=== Listed records ===

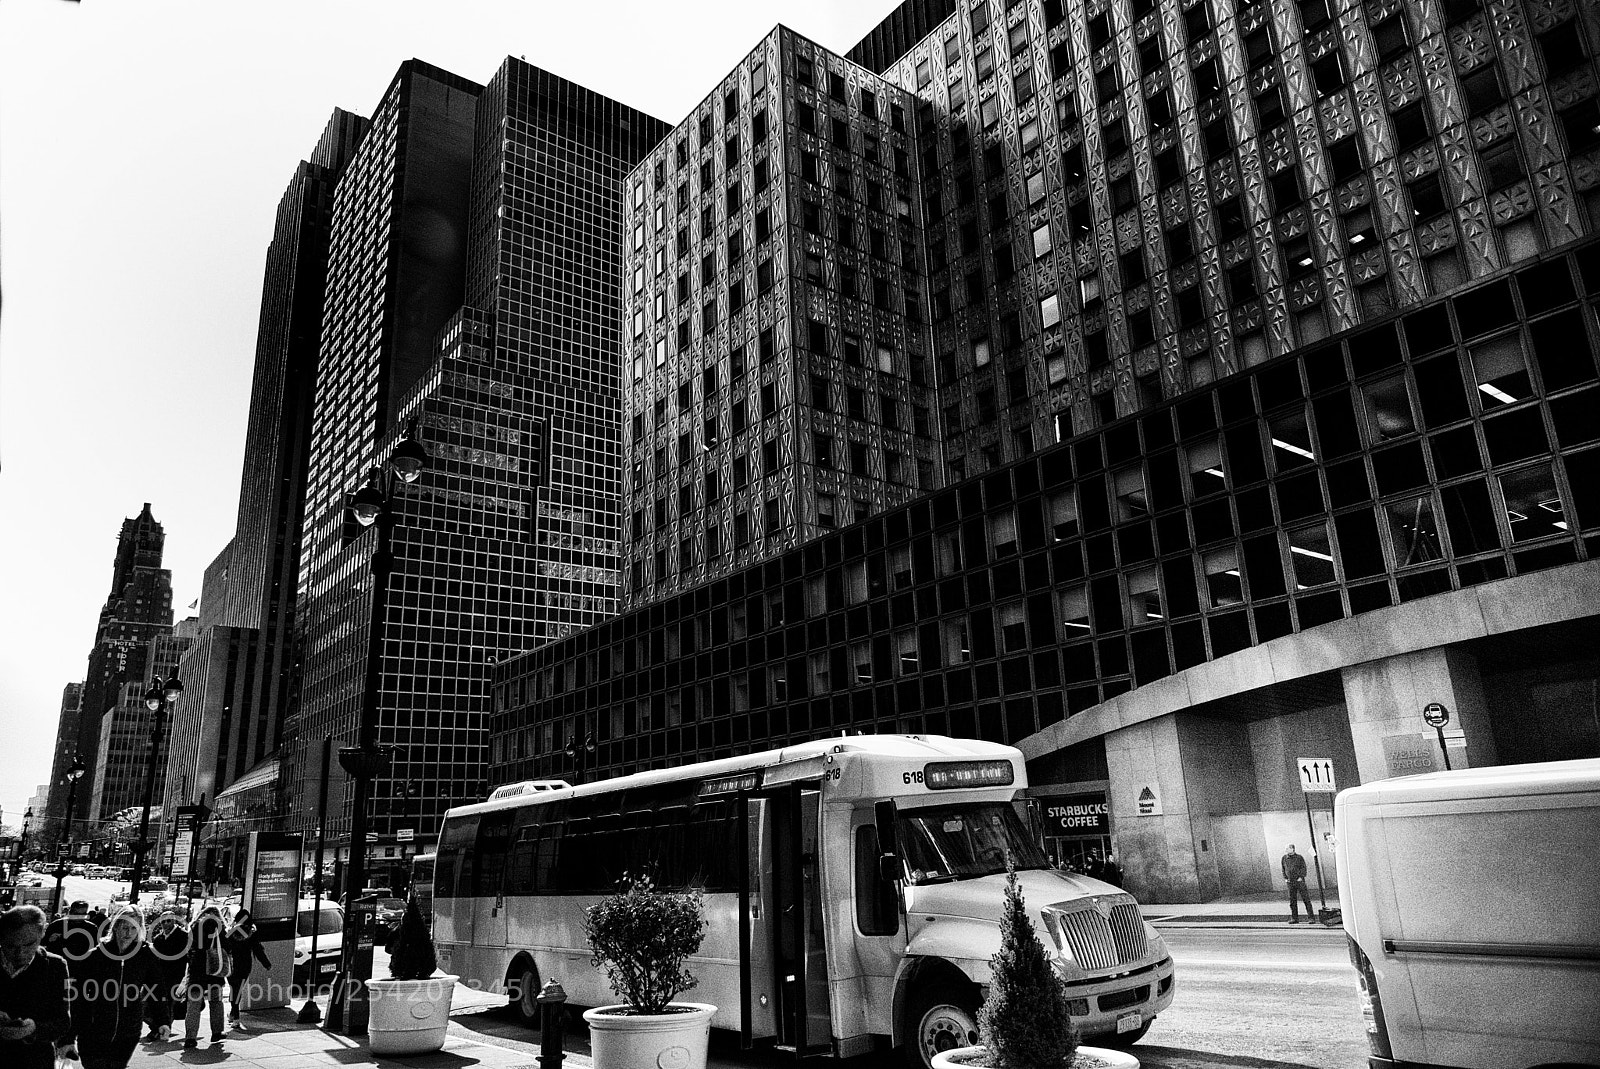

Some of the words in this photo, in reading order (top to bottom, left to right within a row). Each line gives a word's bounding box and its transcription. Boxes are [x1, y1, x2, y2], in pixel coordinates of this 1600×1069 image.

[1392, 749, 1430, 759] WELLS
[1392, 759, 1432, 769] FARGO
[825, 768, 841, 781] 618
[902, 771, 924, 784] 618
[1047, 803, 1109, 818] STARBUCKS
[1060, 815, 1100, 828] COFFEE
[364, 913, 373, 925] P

===

What the exercise asks | In your copy, exclude the pictures and repeat each entry above exactly.

Response area |
Some of the words in this photo, in reading order (top to bottom, left to right within a row). Each line gives a word's bounding box and its transcription. Boxes are [x1, y1, x2, y2], in pixel coordinates of this 1600×1069 image.

[1392, 749, 1430, 759] WELLS
[1392, 759, 1432, 769] FARGO
[825, 768, 841, 781] 618
[902, 771, 924, 784] 618
[1047, 803, 1109, 818] STARBUCKS
[1060, 815, 1100, 828] COFFEE
[364, 913, 373, 925] P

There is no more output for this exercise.